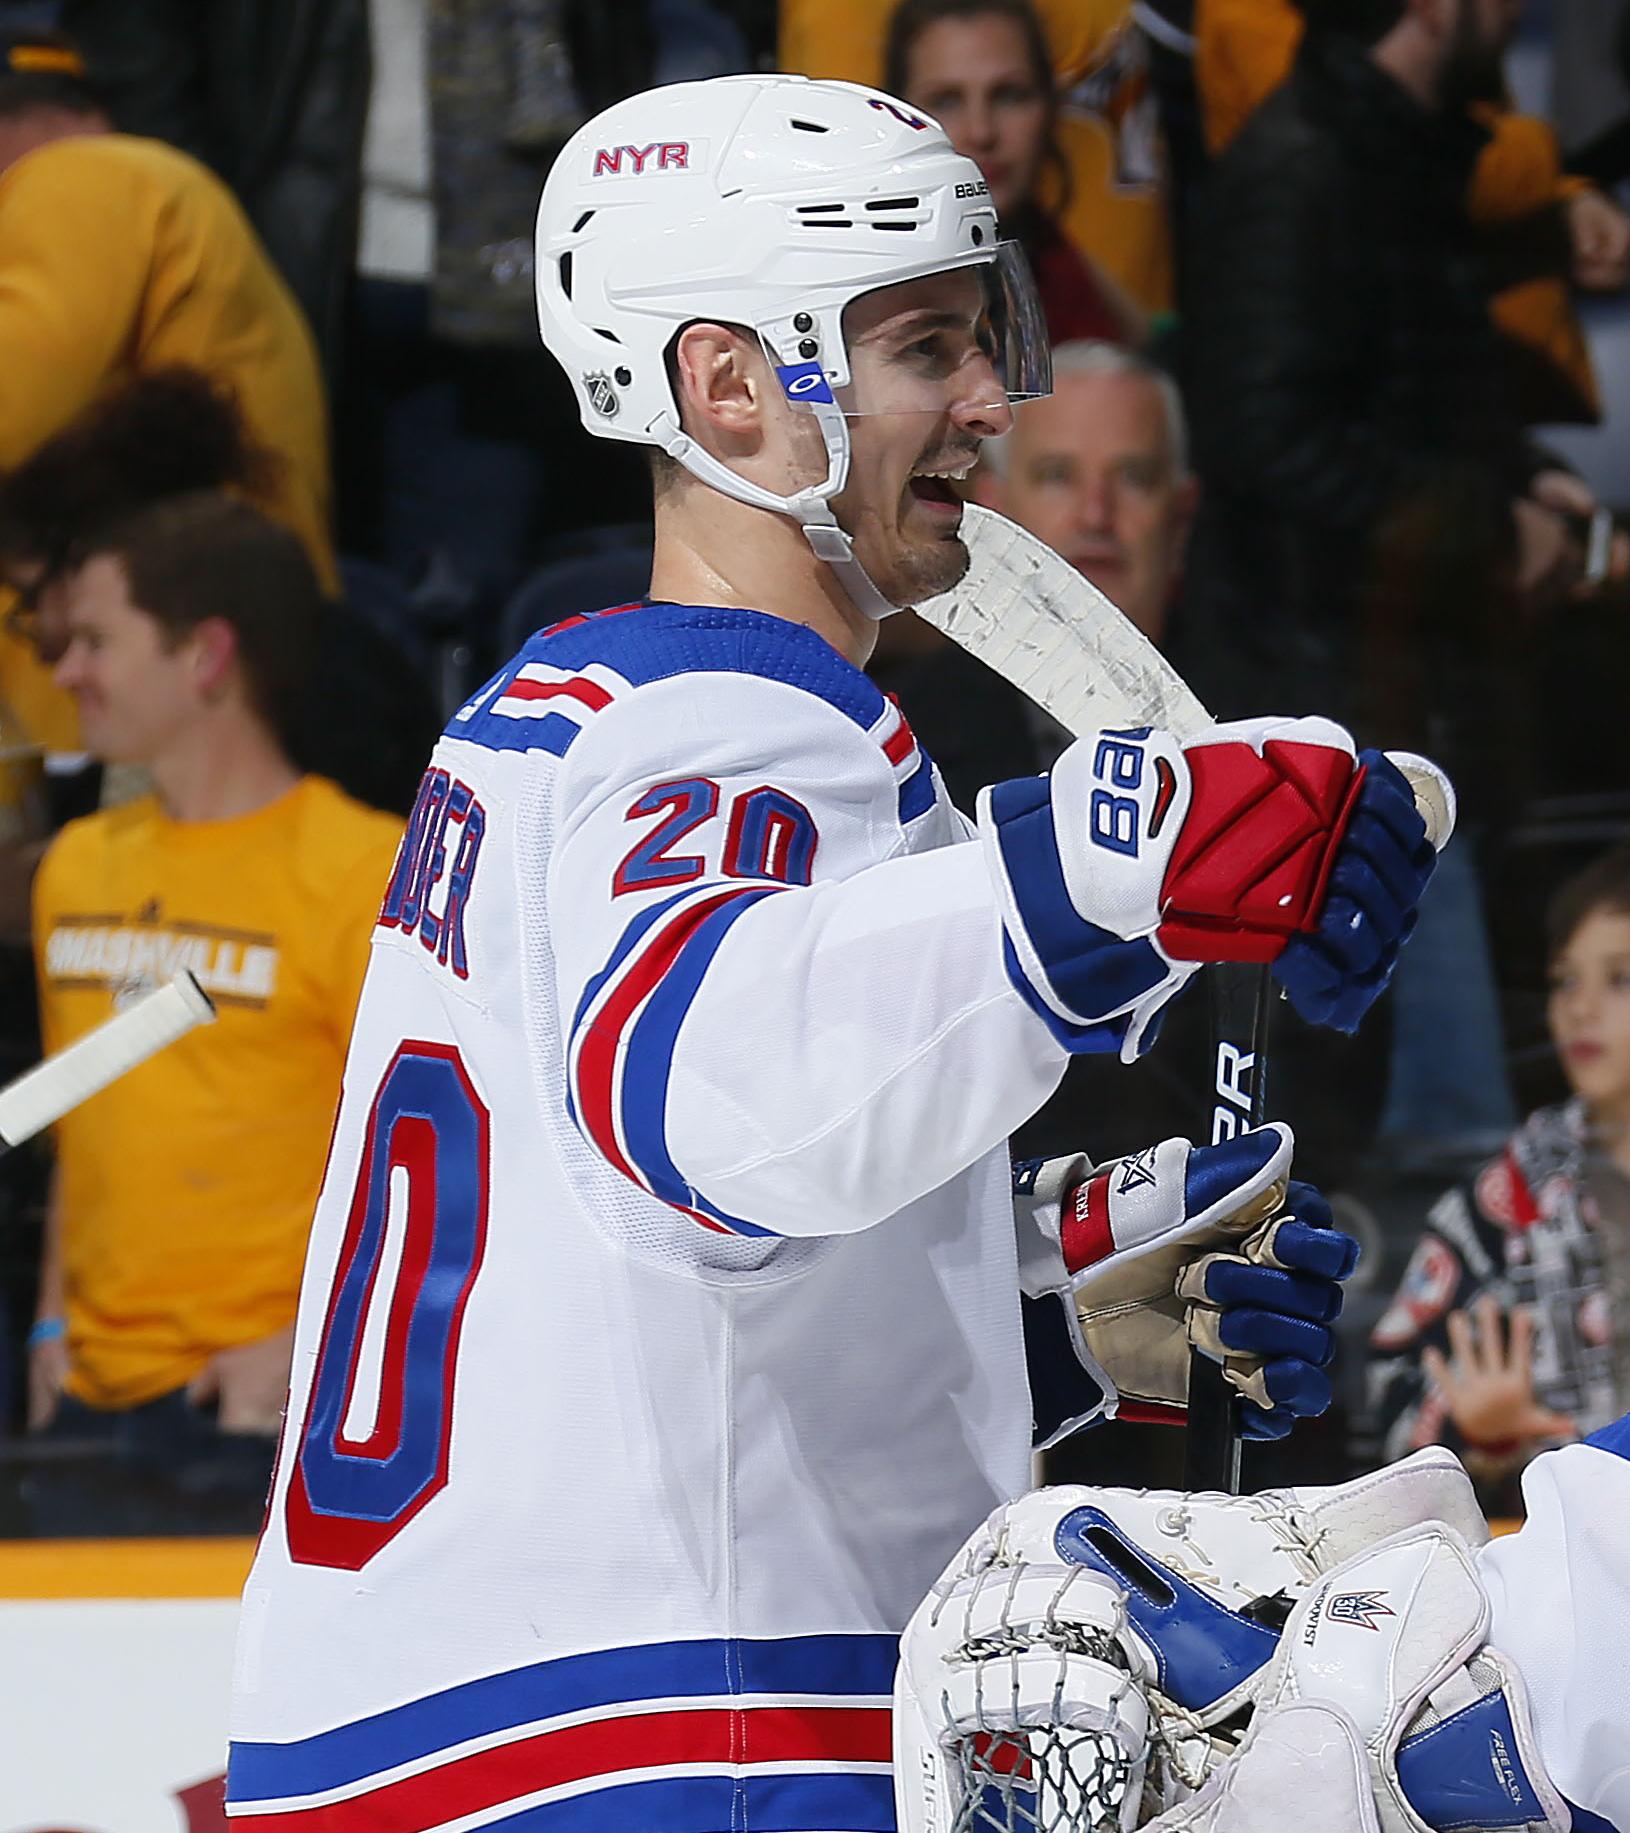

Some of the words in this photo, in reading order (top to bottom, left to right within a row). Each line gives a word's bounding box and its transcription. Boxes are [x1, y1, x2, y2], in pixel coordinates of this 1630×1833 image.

[593, 142, 689, 177] NYR
[286, 1039, 490, 1572] 0
[1490, 1729, 1511, 1767] FREE
[1504, 1769, 1523, 1806] FLEX

-*-*-

> [YOUR TASK]: Without including any picture, print all of the entries above exactly.

> [RESPONSE]:
Some of the words in this photo, in reading order (top to bottom, left to right within a row). Each line gives a word's bounding box and its transcription. Boxes are [x1, y1, x2, y2], in pixel coordinates of this 1630×1833 image.

[593, 142, 689, 177] NYR
[286, 1039, 490, 1572] 0
[1490, 1729, 1511, 1767] FREE
[1504, 1769, 1523, 1806] FLEX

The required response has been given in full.